Thanks Gunguy, its interesting to hear how you hunt them over there. Here they are considered a pest aswell, and are in large numbers in some places depending on rainfall and available cover. Over a weeks shooting in a pig infested area it would not be uncommon to shoot up to 100 pigs.We generally leave them where they fall after shooting them, but do have the option to take them to meat stations wich are situated all throughout rural Australia, where provided the pig has been headshot or had its throat cut, you will be payed X amount per kilo. The pigs are then sold to Germany. Personally i wouldnt eat one.........hehe. When hunting pigs i use a model 70 winchester in 308., 44. magnum winchester 94, or a 12g with SG's or SSG's. Happy hunting!


----------



## gaddyshooter (Oct 12, 2003)

"world famous" Nodak Outdoors. Good work MR. Hustad. :wink:


----------



## Sasha and Abby (May 11, 2004)

The only time I was ever hit by a hog was about 15 years ago in a standing corn field at night.

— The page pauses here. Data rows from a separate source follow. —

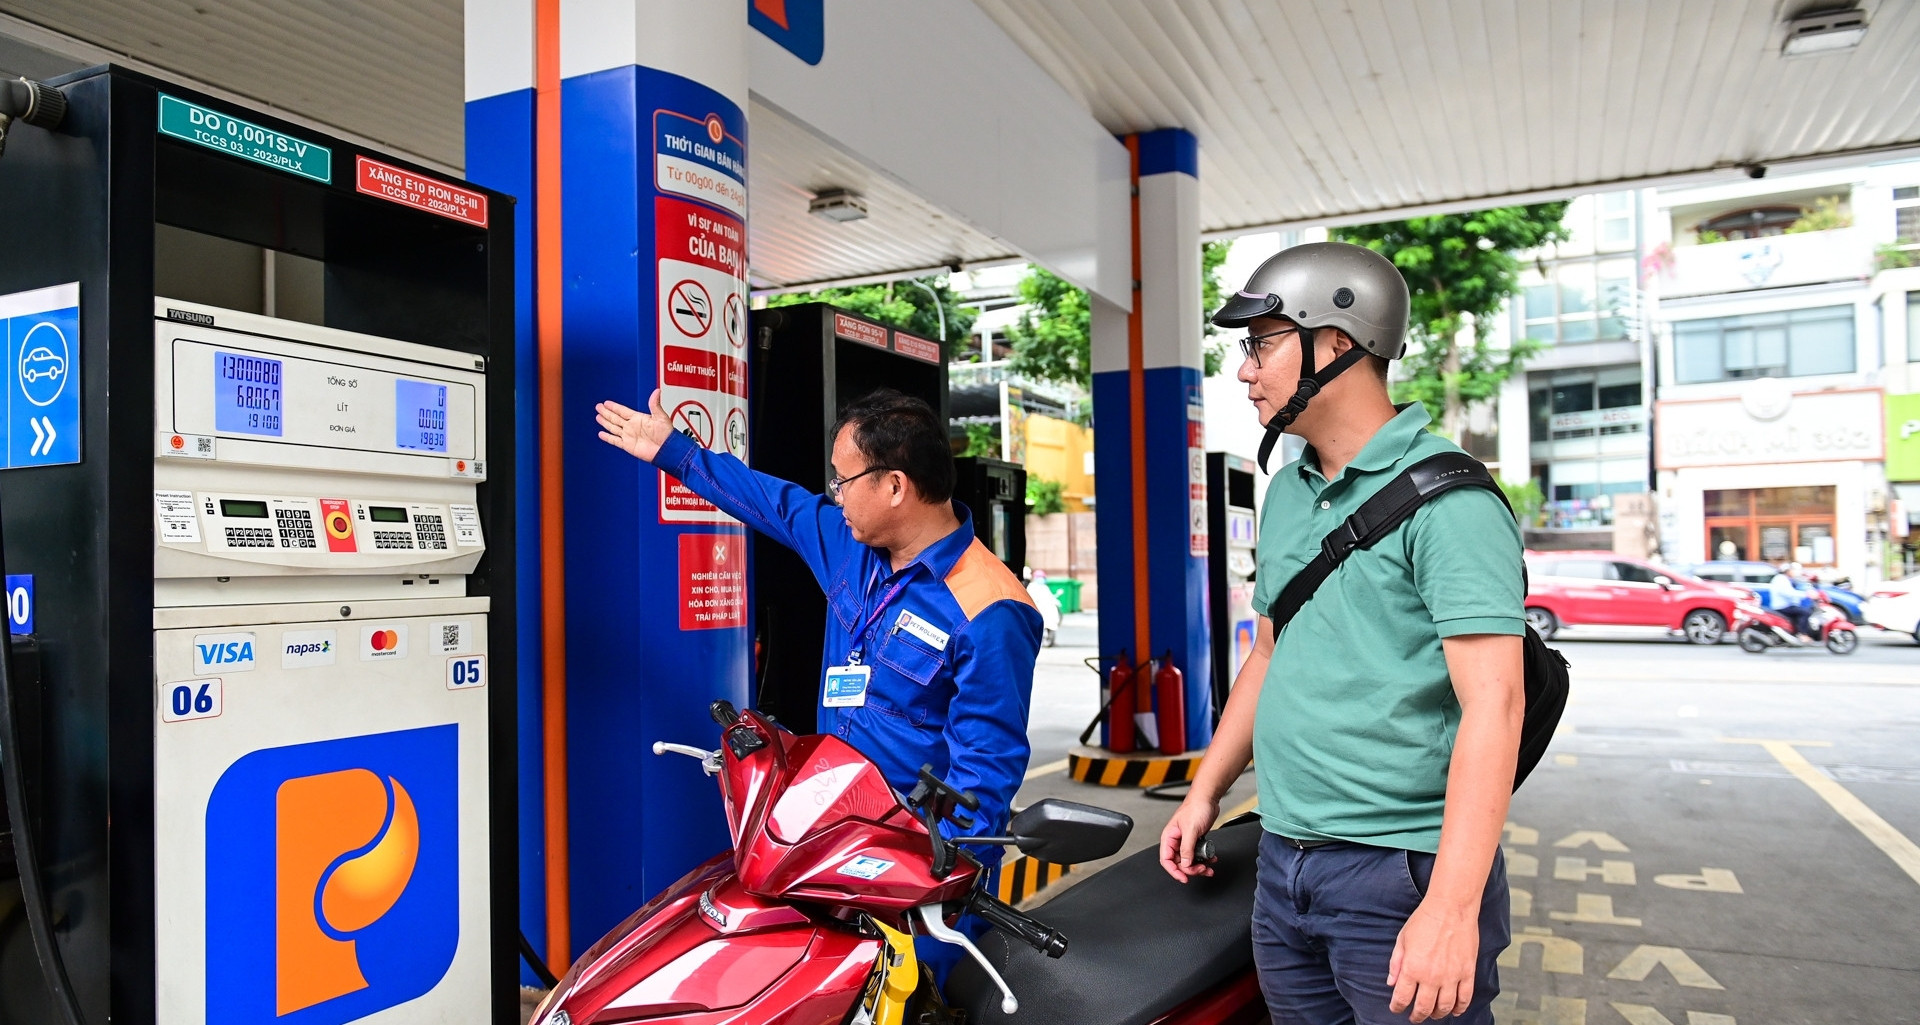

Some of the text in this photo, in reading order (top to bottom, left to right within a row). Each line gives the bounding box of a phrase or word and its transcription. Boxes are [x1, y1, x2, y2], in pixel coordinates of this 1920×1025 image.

[190, 108, 307, 157] DO 0,001S-V
[194, 130, 227, 147] TCCS
[230, 141, 243, 152] 03
[253, 149, 302, 171] 2023/PLX
[664, 134, 692, 154] THỜI
[694, 143, 715, 162] GIAN
[717, 152, 731, 170] BÁN
[368, 166, 478, 209] XĂNG E10 RON 95-III
[667, 166, 683, 181] Từ
[685, 171, 713, 190] 00g00
[716, 182, 729, 197] đến
[381, 184, 407, 199] TCCS
[409, 193, 420, 203] 07
[428, 199, 467, 217] 2023/PLX
[688, 213, 739, 242] VÌ SỰ AN TOÀN
[689, 234, 739, 271] CỦA BẠN
[169, 309, 213, 324] TATSUNO
[223, 355, 279, 385] 1300080
[667, 361, 716, 377] CẤM HÚT THUỐC
[327, 376, 358, 388] TỔNG SỐ
[337, 403, 348, 412] LÍT
[438, 387, 444, 407] 0
[249, 413, 279, 430] 19100
[420, 432, 444, 446] 19830
[666, 495, 681, 506] ĐIỆN
[682, 497, 698, 507] THOẠI
[692, 571, 718, 580] NGHIÊM
[719, 571, 731, 579] CẤM
[688, 599, 704, 608] HÓA
[705, 599, 718, 607] ĐƠN
[695, 612, 711, 621] TRÁI
[712, 611, 728, 620] PHÁP
[910, 620, 945, 645] PETROLIMEX
[196, 641, 254, 665] VISA
[286, 643, 321, 656] napas
[453, 659, 480, 685] 05
[172, 683, 213, 716] 06

We had field that we had hunted enough that the hogs were only coming out at night, so we waited until 9:00pm to put the Catahoulas out. They bayed the hog in short order and we came in to put a shot behind her ear. We were about 15 feet from the hog/dogs and looking for a shot when she broke and went for the only open escape... between my legs.

:lol:

She never knew I was there... and just plowed right through. I was temporarily suspended in mid air, flashlight in one hand and pistol in the other, until gravity took over and I landed on my ***. :lol: We never did bay that hog for the rest of the night. It makes a funny story now, but it scared the crap out of me then.

She was not trying to "get" me though... I was just blocking her way out. I did learn not to get in the way after that.


----------



## Sasha and Abby (May 11, 2004)

BTW...

Our hogs primarily breed in August and February. We try NOT to shoot a boar during that time as his testosterone levels will permeate the meat. Most of the other time, they are fine for sausage - but not the really big ones.

A "true" Russian/European boar is huge at 225lbs. 
A feral can get 2-3 times that size.

A R/E hog has one litter a year. 
A feral may have 2-3 litters if conditions are right. You can have a problem quickly if they are not kept in check.

A boar will "mark" his turf just like a deer will. He will rake a tree, or a creosote pole if available, with his tusks until he gouges deep gashes in them. He will then rub on his mark. They also do this to "itch" parasites from their skin. The old timers usd to call hogs, "poleshiners" for this reason.


----------